- [TASK GOAL]
Each line of the listing that includes "Milwaukee" should be reported.

- [PROVIDED RECORDS]
◆ ◆ ◆ ◆
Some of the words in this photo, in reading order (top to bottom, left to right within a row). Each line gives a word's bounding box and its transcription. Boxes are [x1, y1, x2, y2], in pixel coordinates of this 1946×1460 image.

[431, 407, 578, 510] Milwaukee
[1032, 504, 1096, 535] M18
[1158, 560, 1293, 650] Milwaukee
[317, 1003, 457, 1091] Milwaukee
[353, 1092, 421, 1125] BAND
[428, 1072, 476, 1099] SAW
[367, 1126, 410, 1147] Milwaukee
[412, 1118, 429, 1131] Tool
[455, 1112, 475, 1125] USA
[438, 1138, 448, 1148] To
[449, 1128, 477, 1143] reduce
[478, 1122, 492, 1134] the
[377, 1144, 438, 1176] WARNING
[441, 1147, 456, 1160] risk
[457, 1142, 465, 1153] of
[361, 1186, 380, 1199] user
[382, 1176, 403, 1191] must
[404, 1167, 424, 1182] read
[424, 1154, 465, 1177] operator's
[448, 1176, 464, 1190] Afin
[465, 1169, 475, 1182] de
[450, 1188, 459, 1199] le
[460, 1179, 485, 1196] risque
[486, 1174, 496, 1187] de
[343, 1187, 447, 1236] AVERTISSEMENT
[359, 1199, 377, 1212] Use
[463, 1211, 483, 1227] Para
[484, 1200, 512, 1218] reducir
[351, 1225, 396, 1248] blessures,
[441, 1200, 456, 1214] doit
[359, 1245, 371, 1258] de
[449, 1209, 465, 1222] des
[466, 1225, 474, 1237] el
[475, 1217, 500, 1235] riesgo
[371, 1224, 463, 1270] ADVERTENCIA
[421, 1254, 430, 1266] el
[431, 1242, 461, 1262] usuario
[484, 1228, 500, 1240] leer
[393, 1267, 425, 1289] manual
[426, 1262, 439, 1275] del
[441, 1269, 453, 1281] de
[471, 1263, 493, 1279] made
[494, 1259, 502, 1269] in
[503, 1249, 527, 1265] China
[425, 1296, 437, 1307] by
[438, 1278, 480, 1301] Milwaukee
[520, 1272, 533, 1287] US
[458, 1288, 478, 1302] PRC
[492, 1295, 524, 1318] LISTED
◆ ◆ ◆ ◆
- [YOUR SOLUTION]
[431, 407, 578, 510] Milwaukee
[1158, 560, 1293, 650] Milwaukee
[317, 1003, 457, 1091] Milwaukee
[367, 1126, 410, 1147] Milwaukee
[438, 1278, 480, 1301] Milwaukee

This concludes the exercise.